Description of the task:
Return all of the data verbatim, dropping any picture.

Records drawn from a dataset
|---|

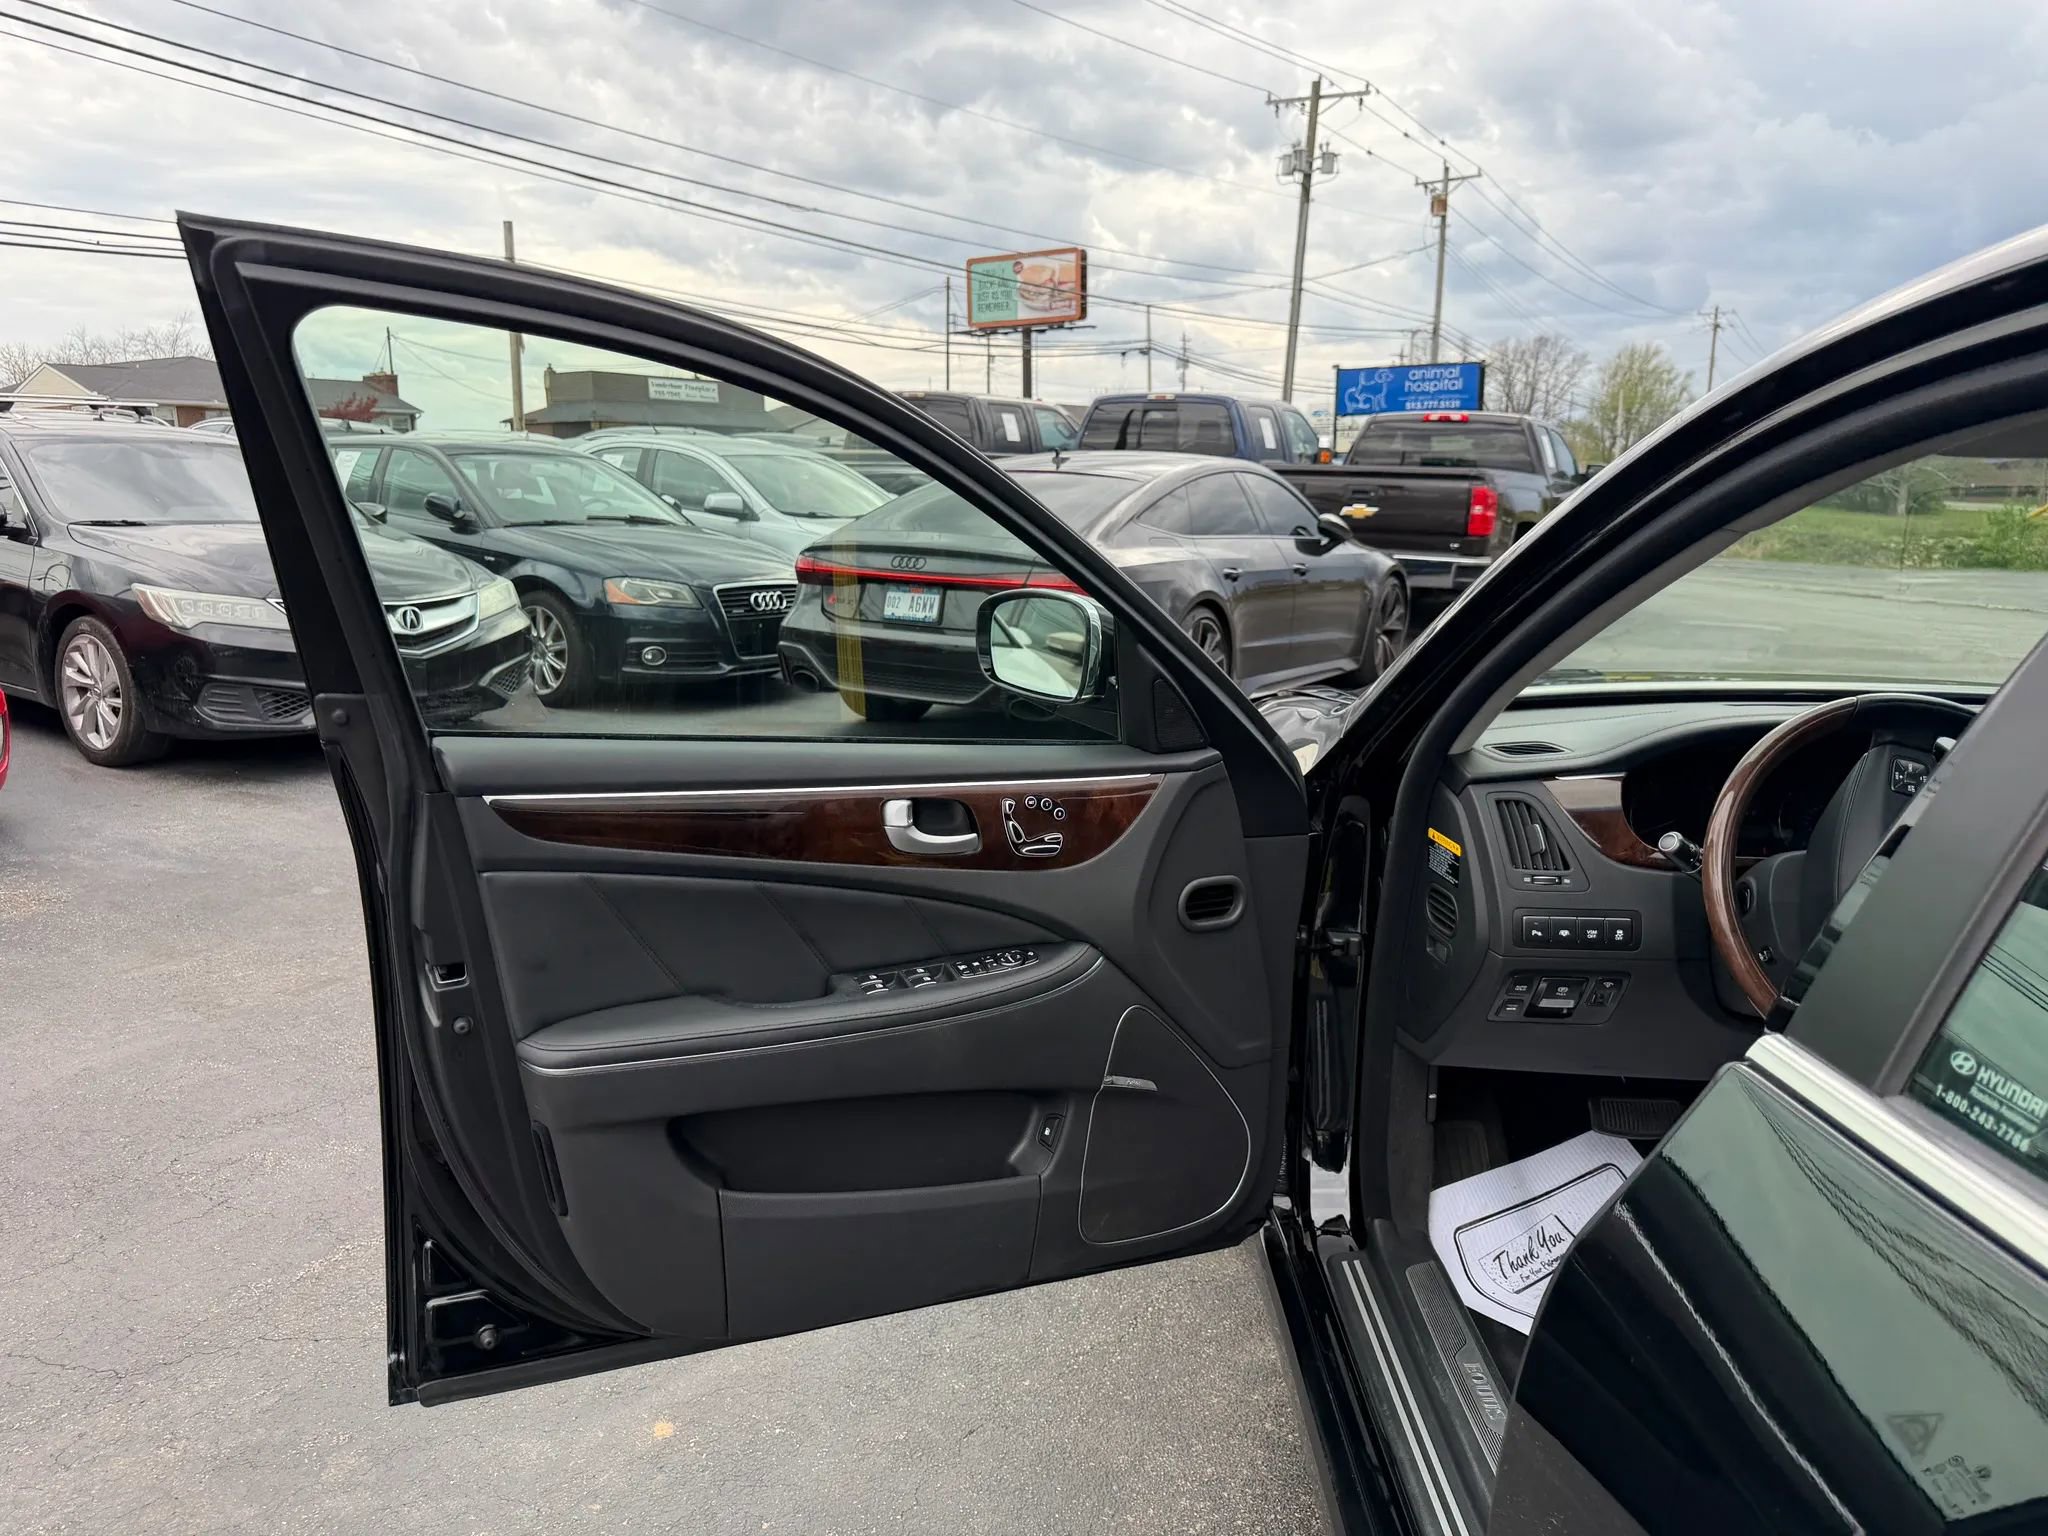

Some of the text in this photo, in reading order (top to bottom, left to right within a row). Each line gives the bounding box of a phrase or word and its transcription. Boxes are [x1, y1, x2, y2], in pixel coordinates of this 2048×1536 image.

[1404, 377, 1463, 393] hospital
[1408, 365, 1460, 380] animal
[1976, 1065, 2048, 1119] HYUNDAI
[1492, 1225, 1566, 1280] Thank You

|---|

Result of the task:
Some of the text in this photo, in reading order (top to bottom, left to right within a row). Each line gives the bounding box of a phrase or word and its transcription. Boxes are [x1, y1, x2, y2], in pixel coordinates of this 2048×1536 image.

[1404, 377, 1463, 393] hospital
[1408, 365, 1460, 380] animal
[1976, 1065, 2048, 1119] HYUNDAI
[1492, 1225, 1566, 1280] Thank You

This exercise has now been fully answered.